Il comico aveva definito un istante magico, paragonabile al big-bang, la marcia su Parigi del giorno successivo all'attentato, ma aveva aggiunto al suo post su Facebook "stasera mi sento Charlie Coulibaly".
Il comico è già piuttosto malvoluto dalla critica francese che gli rimprovera ancora l'invenzione di un gesto conosciuto come quenelle, col quale egli indica la lunghezza del membro per richiamare il gesto dell'ombrello, gesto che però è stato presto adottato da associazioni antisemite e che più volte il Consiglio rappresentativo delle istituzioni ebraiche di Francia ha chiesto di abolire.
| L'inopportuno gesto del bomber Anelka. |
L'attaccante era stato multato per 100,000 € e ha dovuto scontare in India col Mumbai una squalifica ridotta a tre giornate.
Nel frattempo, mentre l'inventore del gesto continua a far discutere, Charlie Hedbo fa sapere che la testata non prova odio e che tutti, in un paese democratico, anche gli antisemiti hanno diritto di espressione.

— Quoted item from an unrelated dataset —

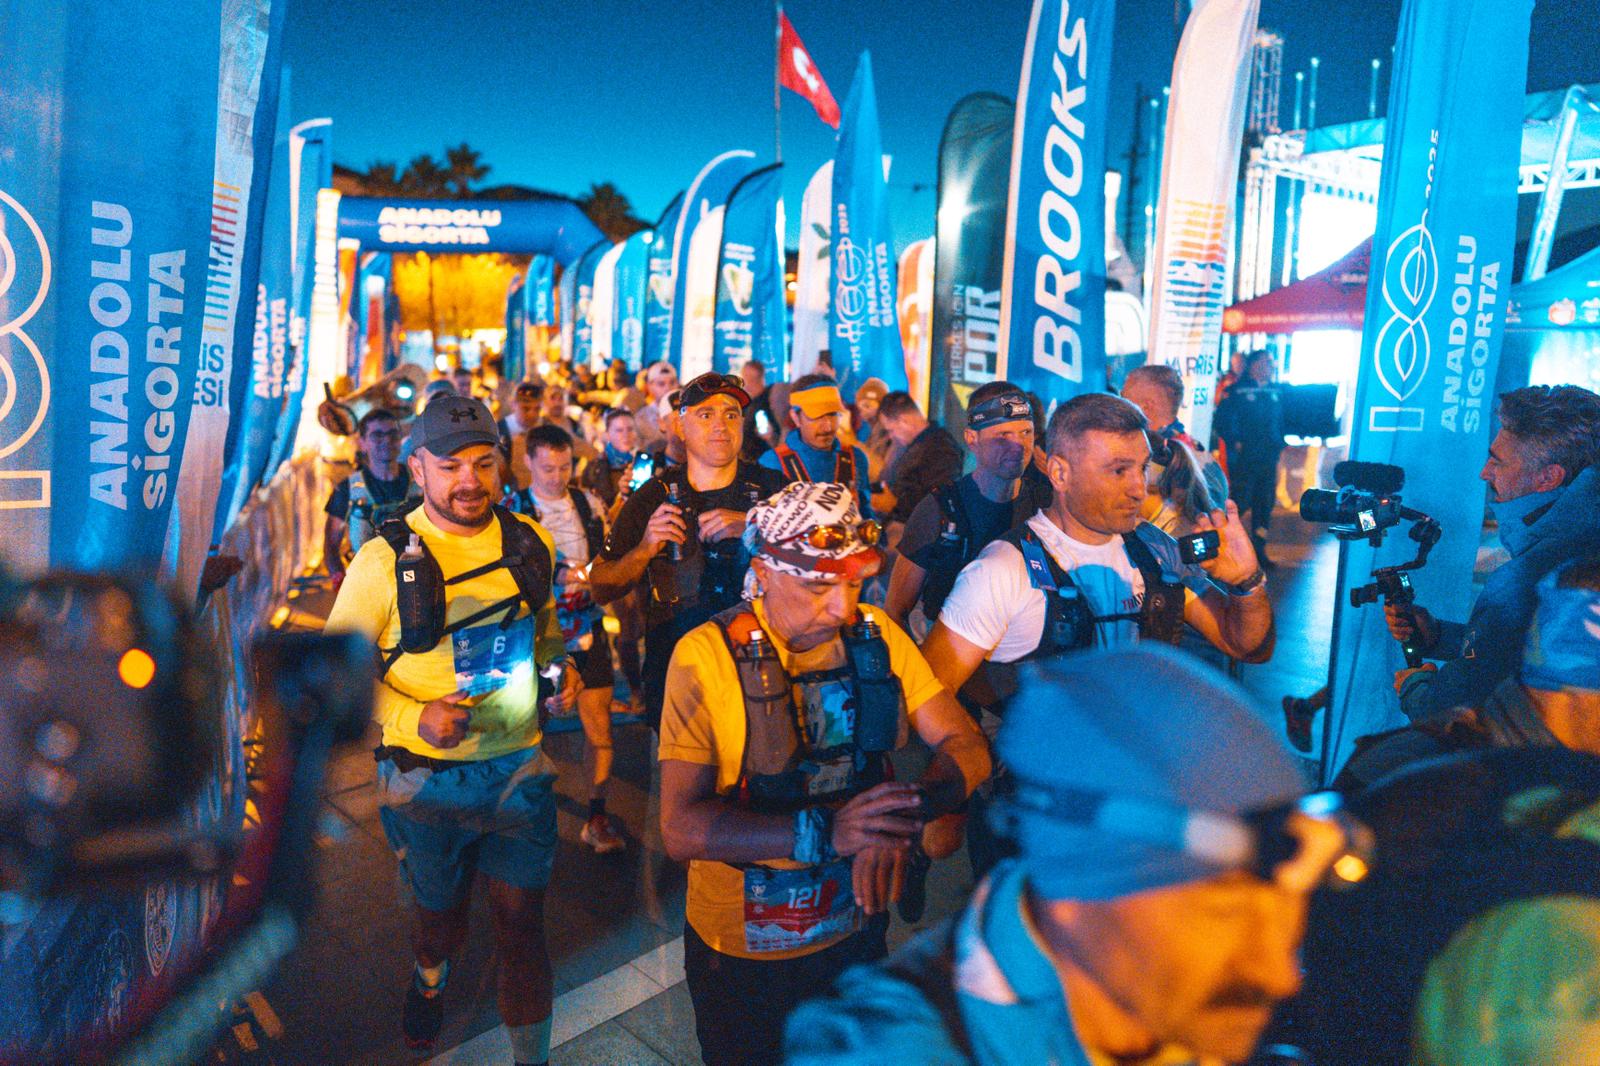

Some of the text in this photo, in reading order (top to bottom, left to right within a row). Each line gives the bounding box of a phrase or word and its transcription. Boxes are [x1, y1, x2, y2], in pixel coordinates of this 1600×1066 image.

Dieudonne continua a difendersi, dopo aver lanciato mesi fa una petizione per lo scioglimento della Licra, organo contro il razzismo, poiché essa stessa costituirebbe una minaccia in quanto creatrice di pericoli inesistenti con atti diffamatori.
Il comico afferma: "Non si cerca di capirmi quando mi esprimo". Ora davanti agli studi dai quali manda in onda i suoi show la gente protesta con rabbia.